Glad you could verify it! Hope it continues to work. The code will change, definitely as the interrupt enabling/disabling is redundant to the ATOMIC BLOCKS. I did test the fixes without threading and it seems to work just as well. I wasn’t sure if the ABs had any impact on non-threading, but they seem to.

I wouldn’t expect the code to slow down noticeably but possibly if you have some timing mechanism that reads millis(). I made those timing changes rather quickly and some of my reasoning may be off and would definitely be up for discussion, but in the scheme of the protocol,they don’t have much impact.

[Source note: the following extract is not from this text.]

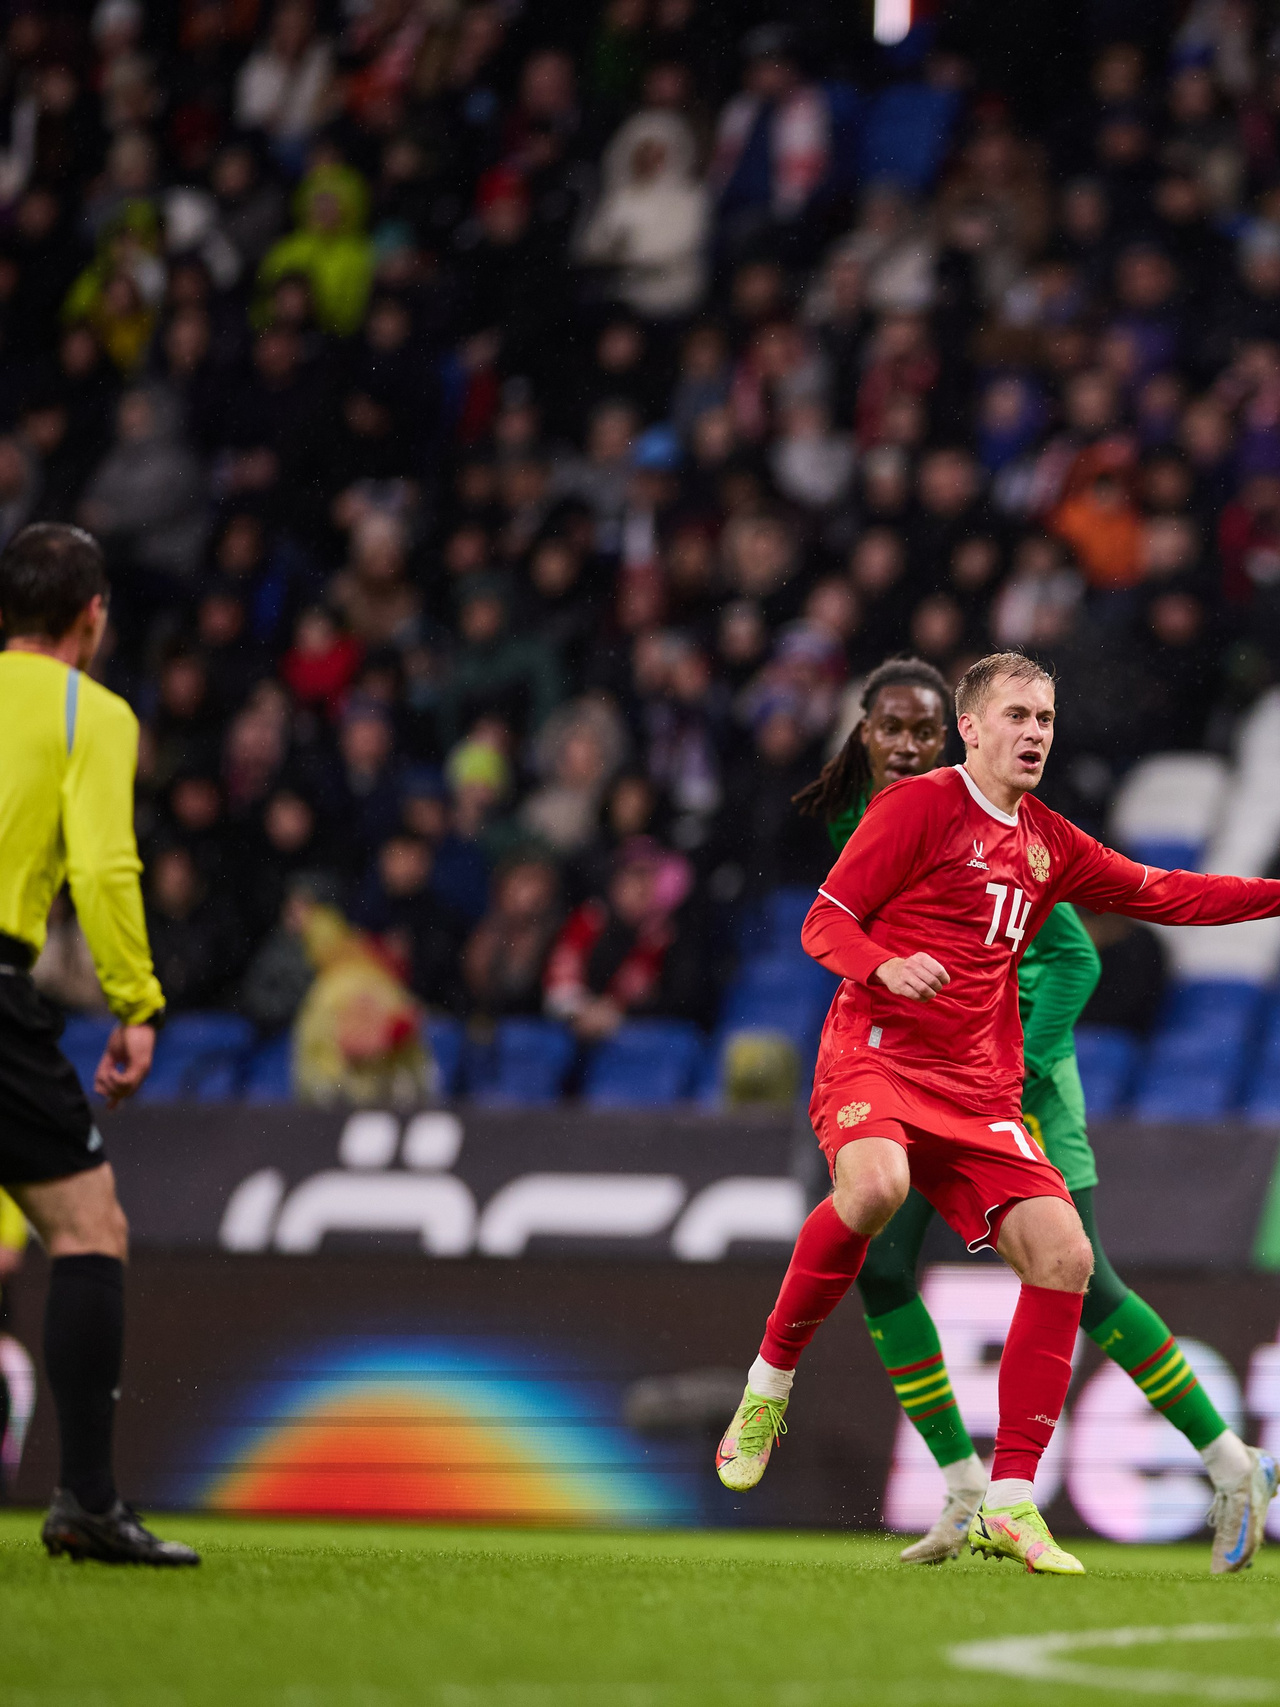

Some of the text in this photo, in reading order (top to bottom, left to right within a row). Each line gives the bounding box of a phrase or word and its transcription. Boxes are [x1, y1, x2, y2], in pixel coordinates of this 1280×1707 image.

I copied this over from another thread…so discussion about this issue doesn’t get too spread out.

remcohn

Hi,
I am not using the DS18B20 part (yet?) either.
I have copied your modified version of oneWire.cpp/.h with the atomic blocks, and im still getting the same issue.

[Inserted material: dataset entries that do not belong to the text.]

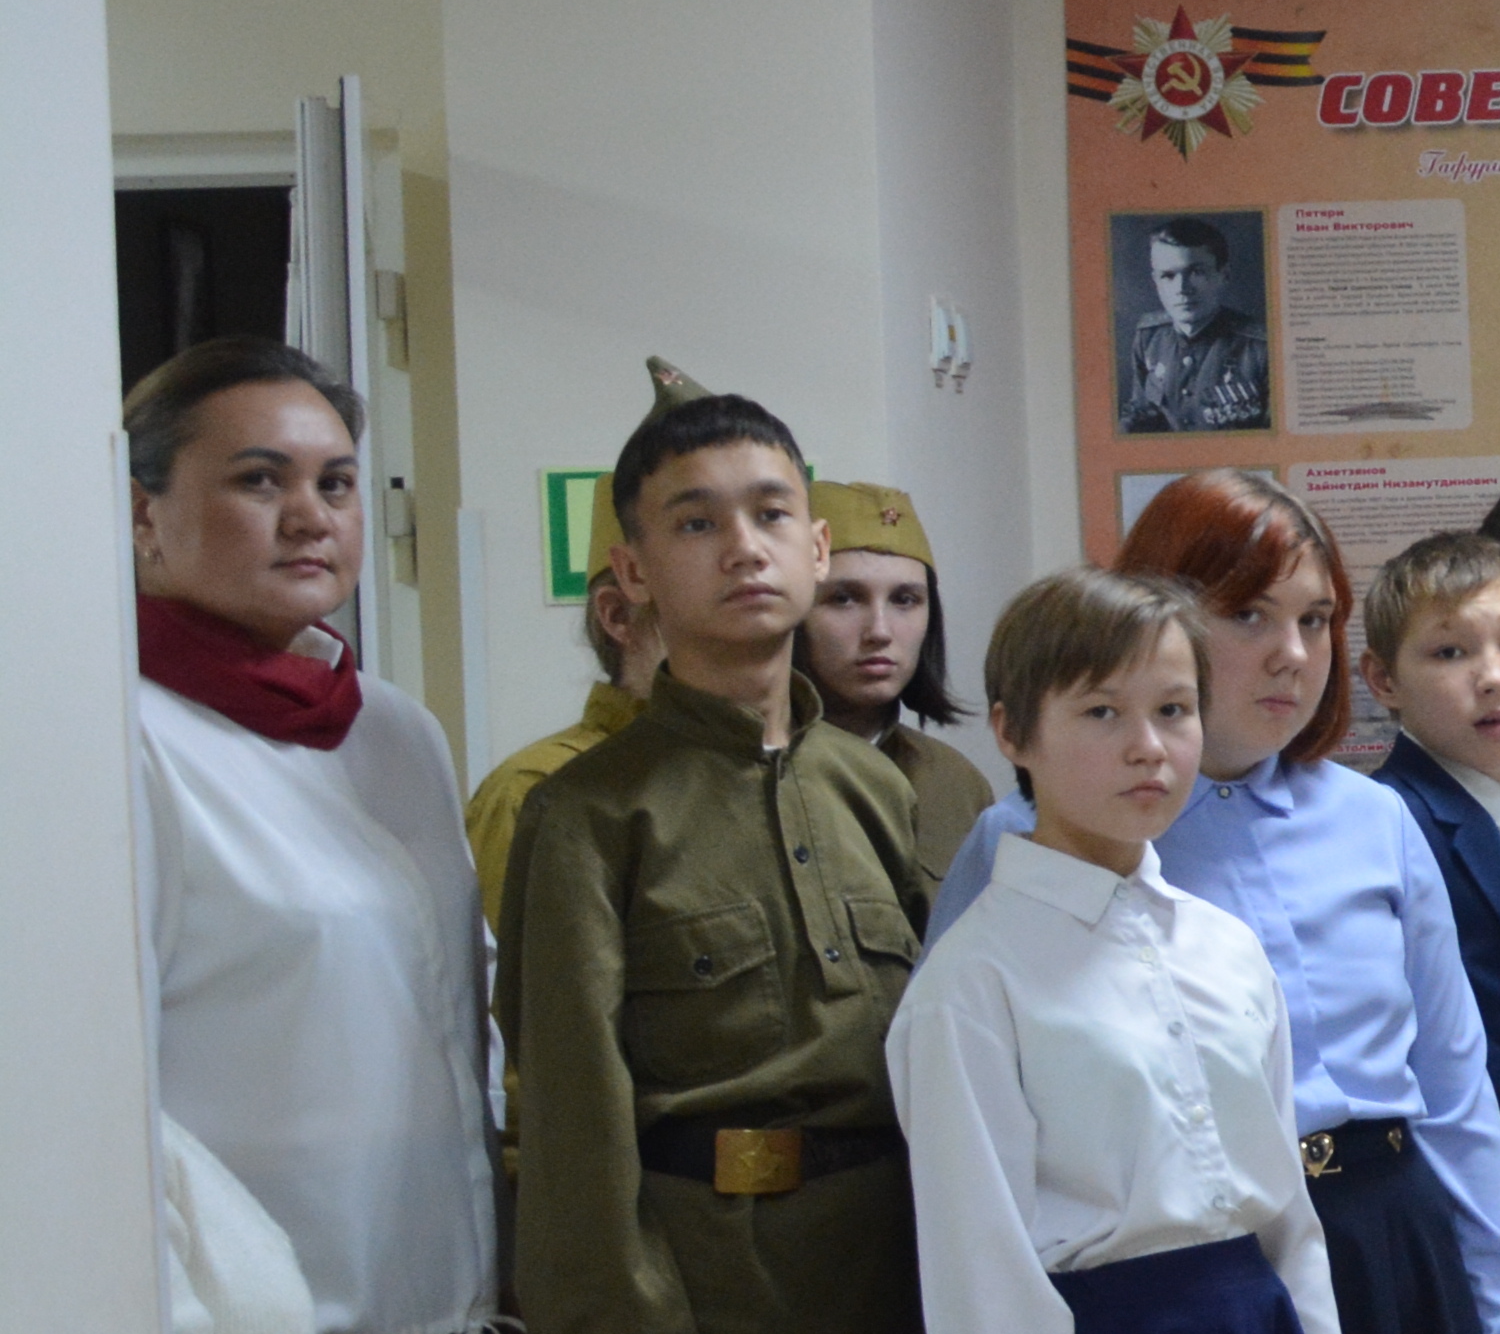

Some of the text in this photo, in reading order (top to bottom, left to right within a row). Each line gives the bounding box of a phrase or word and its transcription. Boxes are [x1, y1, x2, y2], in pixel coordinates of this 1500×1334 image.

[1334, 222, 1414, 231] Викторович
[1306, 467, 1386, 477] Ахметзянов
[1307, 478, 1498, 491] Зайнетдин Низамутдинович
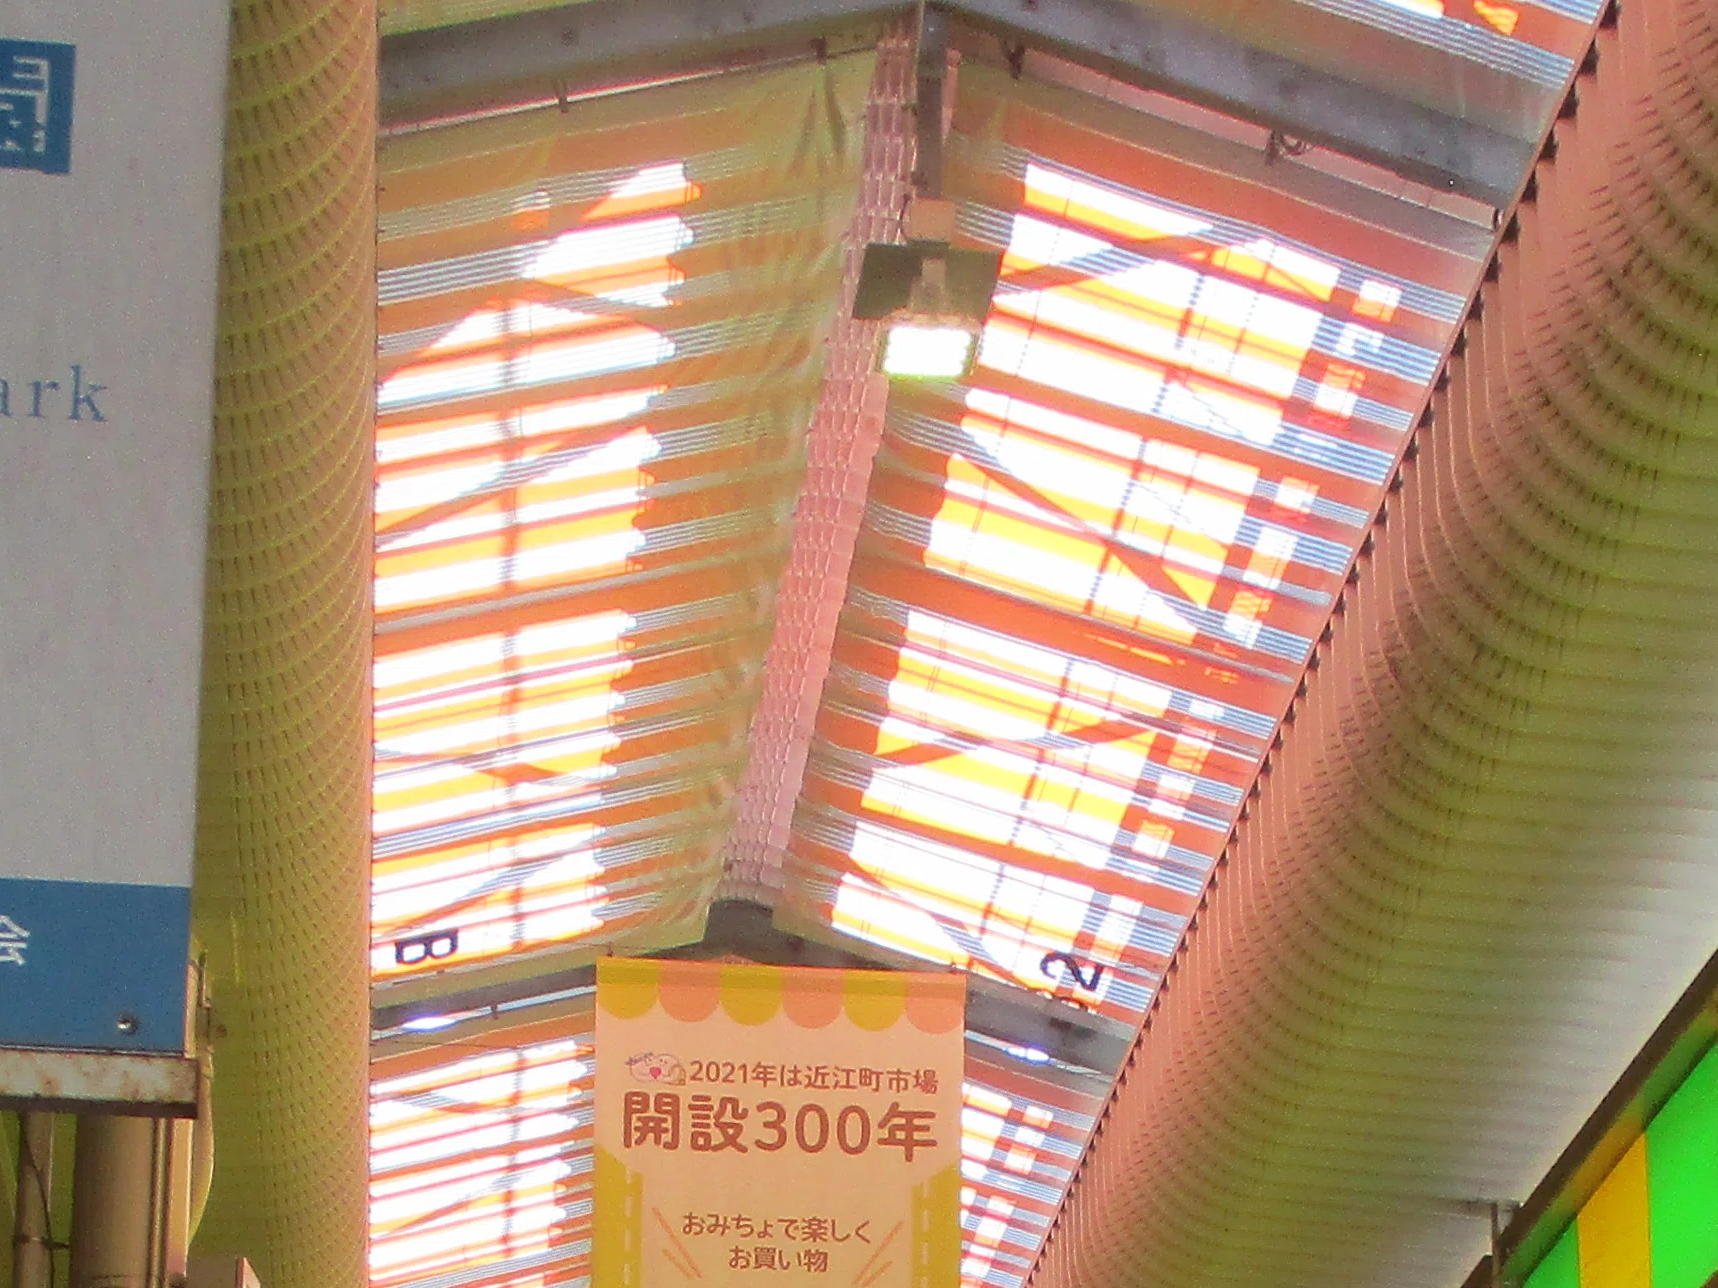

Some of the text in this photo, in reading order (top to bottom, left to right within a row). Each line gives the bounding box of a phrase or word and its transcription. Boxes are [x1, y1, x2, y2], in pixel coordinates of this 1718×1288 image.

[689, 1060, 939, 1095] 2021年は近江町市場
[622, 1090, 938, 1163] 開設300年
[682, 1211, 872, 1245] おみちょで楽しく
[728, 1246, 829, 1273] お買い物

to narrow down the issue, i switched to a single device and using ‘ReadRom’. and i noticed its making single-bit errors. its always reading a (different) bit as 1 while it should be a zero.

Reducing the delayMicroseconds in the read_bit() funciton from 12 (from your example) to 1 seems to reduce the number of errors.
I also noticed that in your example, you use both noInterrupts() followed by an ATOMIC_BLOCK(). If i read the manual correctly, this should not be needed?

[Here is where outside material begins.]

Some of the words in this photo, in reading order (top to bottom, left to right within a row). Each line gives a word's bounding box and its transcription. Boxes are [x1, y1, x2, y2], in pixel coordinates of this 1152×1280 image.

I will try it with an Argon later today. may be the mesh connection is messing with the timing even inside an ATOMIC_BLOCK()

Reply

Jonpcar

1m

I played with the numbers as you have too (going to extremes in some cases, like you have to test them). That particular spec, Read Data Valid, is one I also had down at ‘1’ for a while (zero didn’t work, haha). And yes it improves things (because it reduces the chance of some type of interrupt coming in and messing up your data bit read)…but keeping it at ‘1’ will really ruin any chance of extending the OneWire very far (distance) or putting more devices on the same line (capacitances/resistances). In fact, I think that particular spec (Read Data Valid) is the ONE timing that is key for the entire bus. It sets both the “drive 0 time” (falling edges) and the “RC timeconstant pullup time” (rising edges). I am making up terms because I don’t know the real ones.

Once I realized it was some type of interrupt still getting into the middle of those data bit reads/writes, I adjusted the timings back to “spec” numbers.

And, yes. I realize that ATOMIC BLOCKs and interrupts are redundant for the Photon…but I don’t know about all the other devices that use this library and didn’t want to mess those up, so I left them in there for discussion.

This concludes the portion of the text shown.